The following use key words as found in RFC 2119.

Images as provided by cloud deployers diverge, and cause pain for our end users from an interoperability standpoint. While cloud providers may choose to provide value with special images, OpenStack should spend effort in facilitating end user choice in what base images they run. Direct image upload is an example of a way to facilitate end user choice.

We take a strong stand on the ability to test the inbound interfaces a cloud provides to a running server instance. In order to test the interfaces that a user of an OpenStack cloud should be able to expect (for instance, does config-drive show up, does the instance have the IP that neutron says it has) we have to be able to have tests in the gate. Since OpenStack follows The Four Opens <../reference/new-projects-requirements> that means that our tests must be Open Source. Alternate versions of the tests that might test the same interfaces but use Close Source Operating Systems are not possible to be validated since we can't run those Operating Systems in the gate, so cannot be accepted.

Linux is not an undue burden to ask someone to run. It runs on x86, power, sparc, mips, alpha, atom and arm processors and even IBM z-Series mainframes. It runs on phones, TVs, and watches.
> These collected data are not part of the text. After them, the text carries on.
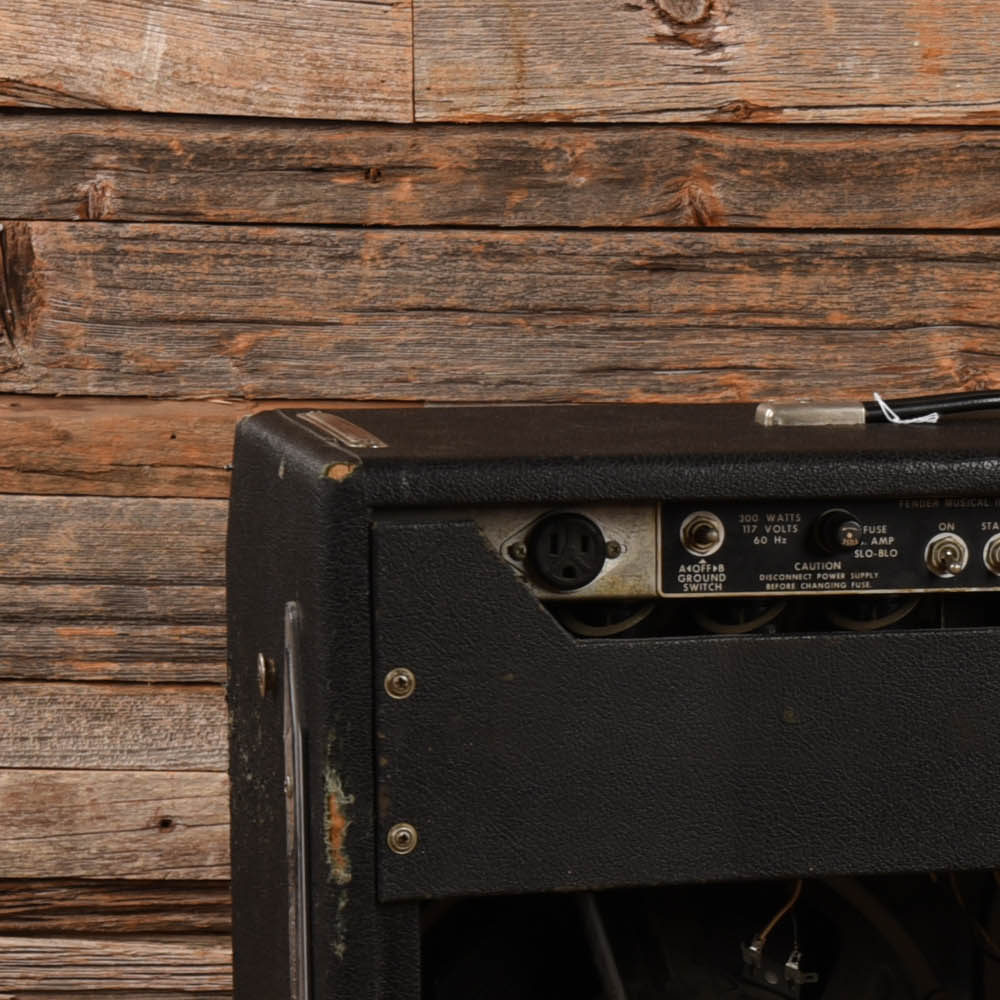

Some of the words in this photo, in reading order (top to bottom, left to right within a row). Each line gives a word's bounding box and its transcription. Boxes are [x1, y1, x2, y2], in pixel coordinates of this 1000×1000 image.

[944, 497, 992, 508] MUSICAL
[766, 513, 801, 522] WATTS
[743, 525, 758, 534] 117
[765, 524, 799, 534] VOLTS
[863, 525, 888, 534] FUSE
[938, 522, 955, 531] ON
[753, 536, 768, 545] 60
[774, 536, 787, 544] Hz
[871, 536, 895, 545] AMP
[854, 549, 898, 558] SLO-BLO
[794, 561, 842, 570] CAUTION
[677, 574, 727, 583] GROUND
[850, 572, 879, 580] SUPPLY
[682, 583, 723, 592] SWITCH
[800, 582, 847, 590] CHANGING
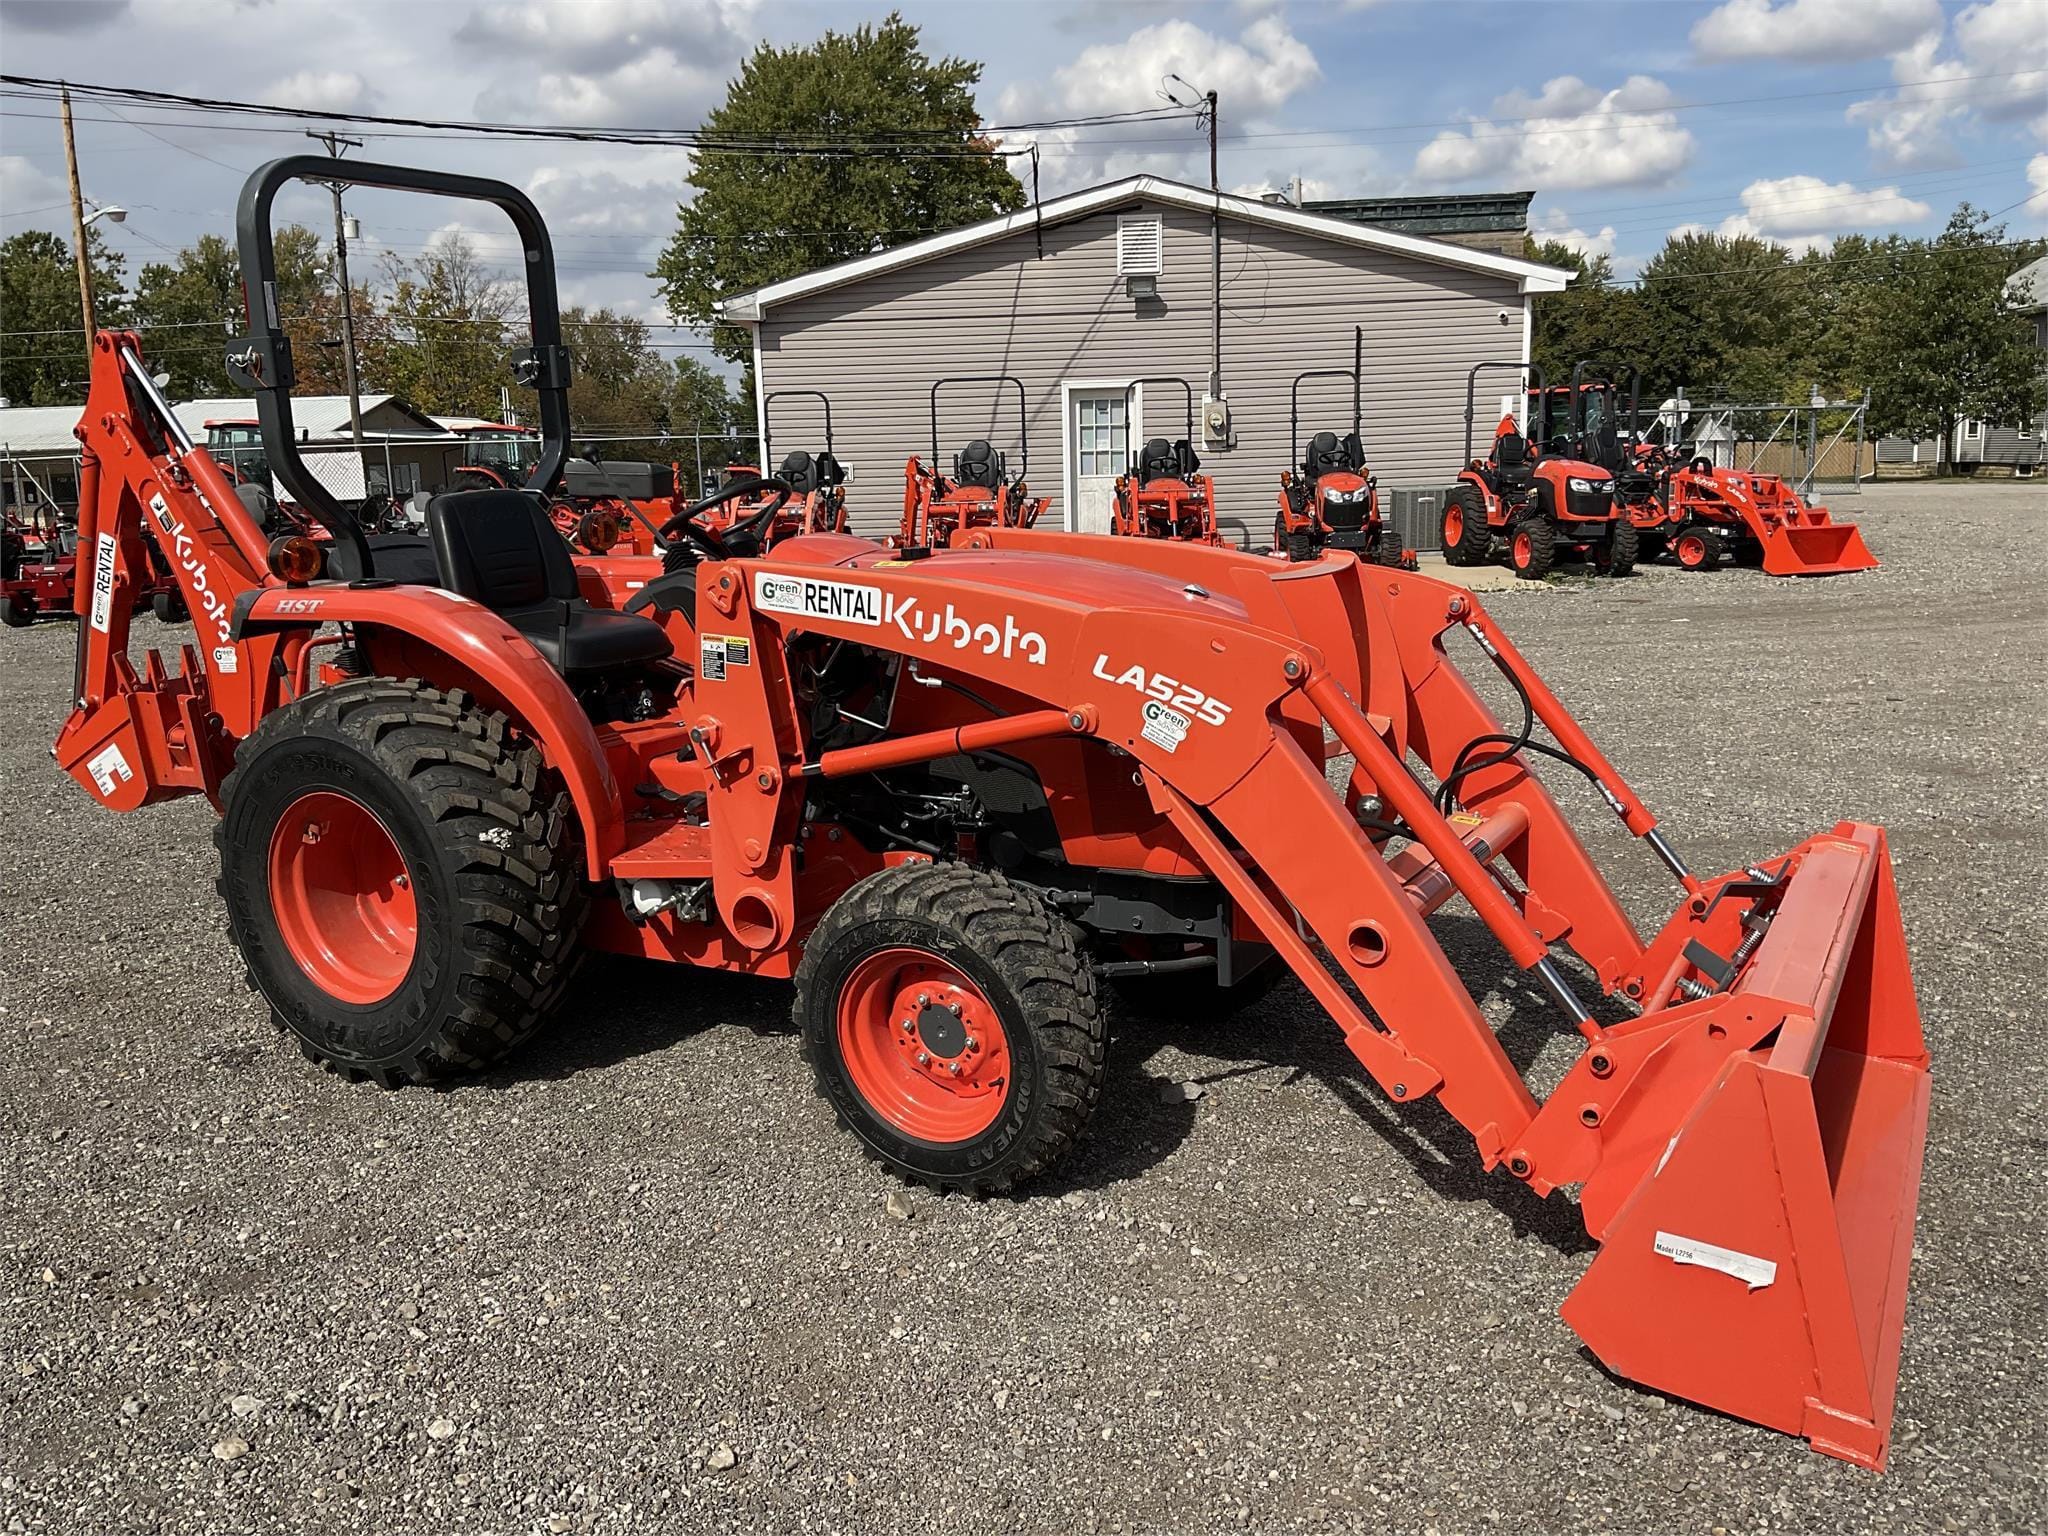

It is free and anyone can get an operational image. The utilities the tests require of a Linux guest are standard and available.

Asking someone to boot a Linux guest in order to test inbound interfaces is, therefore, not only completely reasonable, it's the most reasonable and most obvious thing possible.

An OpenStack cloud that has LXC, Docker, Rocket, Solaris-zones or other lightweight container technology sounds pretty neat at first pass, but it turns out that an LXC cloud would not allow a Solaris image and a Solaris Zones cloud would not allow a Linux image. That is too much deployer choice bleeding through the abstraction layer, and as such is bad for interoperability. While there is nothing preventing deployers from using the OpenStack software to create clouds that are solely based on such technologies, those clouds are divergent from what OpenStack clouds are.